**Activity:** Each line from the line that includes "this 1386×1560 image." through the end of the material below must be transcribed exactly, with no other lines.

_ _ _

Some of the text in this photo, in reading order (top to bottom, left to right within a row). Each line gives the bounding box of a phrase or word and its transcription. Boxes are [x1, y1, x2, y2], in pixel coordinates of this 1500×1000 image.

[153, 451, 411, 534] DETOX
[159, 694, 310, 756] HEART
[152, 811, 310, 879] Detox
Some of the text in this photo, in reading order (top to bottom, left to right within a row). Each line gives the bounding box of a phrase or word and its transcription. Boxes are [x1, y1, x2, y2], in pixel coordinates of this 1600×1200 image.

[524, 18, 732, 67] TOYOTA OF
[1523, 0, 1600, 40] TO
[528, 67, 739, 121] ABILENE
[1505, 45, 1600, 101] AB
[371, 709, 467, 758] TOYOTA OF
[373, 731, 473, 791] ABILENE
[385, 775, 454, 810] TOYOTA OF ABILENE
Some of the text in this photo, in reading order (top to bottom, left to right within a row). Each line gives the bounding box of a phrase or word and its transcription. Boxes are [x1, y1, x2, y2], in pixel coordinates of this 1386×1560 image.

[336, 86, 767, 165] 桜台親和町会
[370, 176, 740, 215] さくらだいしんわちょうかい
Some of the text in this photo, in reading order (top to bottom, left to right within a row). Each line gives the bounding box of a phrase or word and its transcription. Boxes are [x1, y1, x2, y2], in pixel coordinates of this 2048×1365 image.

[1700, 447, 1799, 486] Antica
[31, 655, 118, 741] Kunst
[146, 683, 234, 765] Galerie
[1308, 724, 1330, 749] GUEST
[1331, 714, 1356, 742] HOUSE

_ _ _

**Response area:**
Some of the text in this photo, in reading order (top to bottom, left to right within a row). Each line gives the bounding box of a phrase or word and its transcription. Boxes are [x1, y1, x2, y2], in pixel coordinates of this 1386×1560 image.

[336, 86, 767, 165] 桜台親和町会
[370, 176, 740, 215] さくらだいしんわちょうかい
Some of the text in this photo, in reading order (top to bottom, left to right within a row). Each line gives the bounding box of a phrase or word and its transcription. Boxes are [x1, y1, x2, y2], in pixel coordinates of this 2048×1365 image.

[1700, 447, 1799, 486] Antica
[31, 655, 118, 741] Kunst
[146, 683, 234, 765] Galerie
[1308, 724, 1330, 749] GUEST
[1331, 714, 1356, 742] HOUSE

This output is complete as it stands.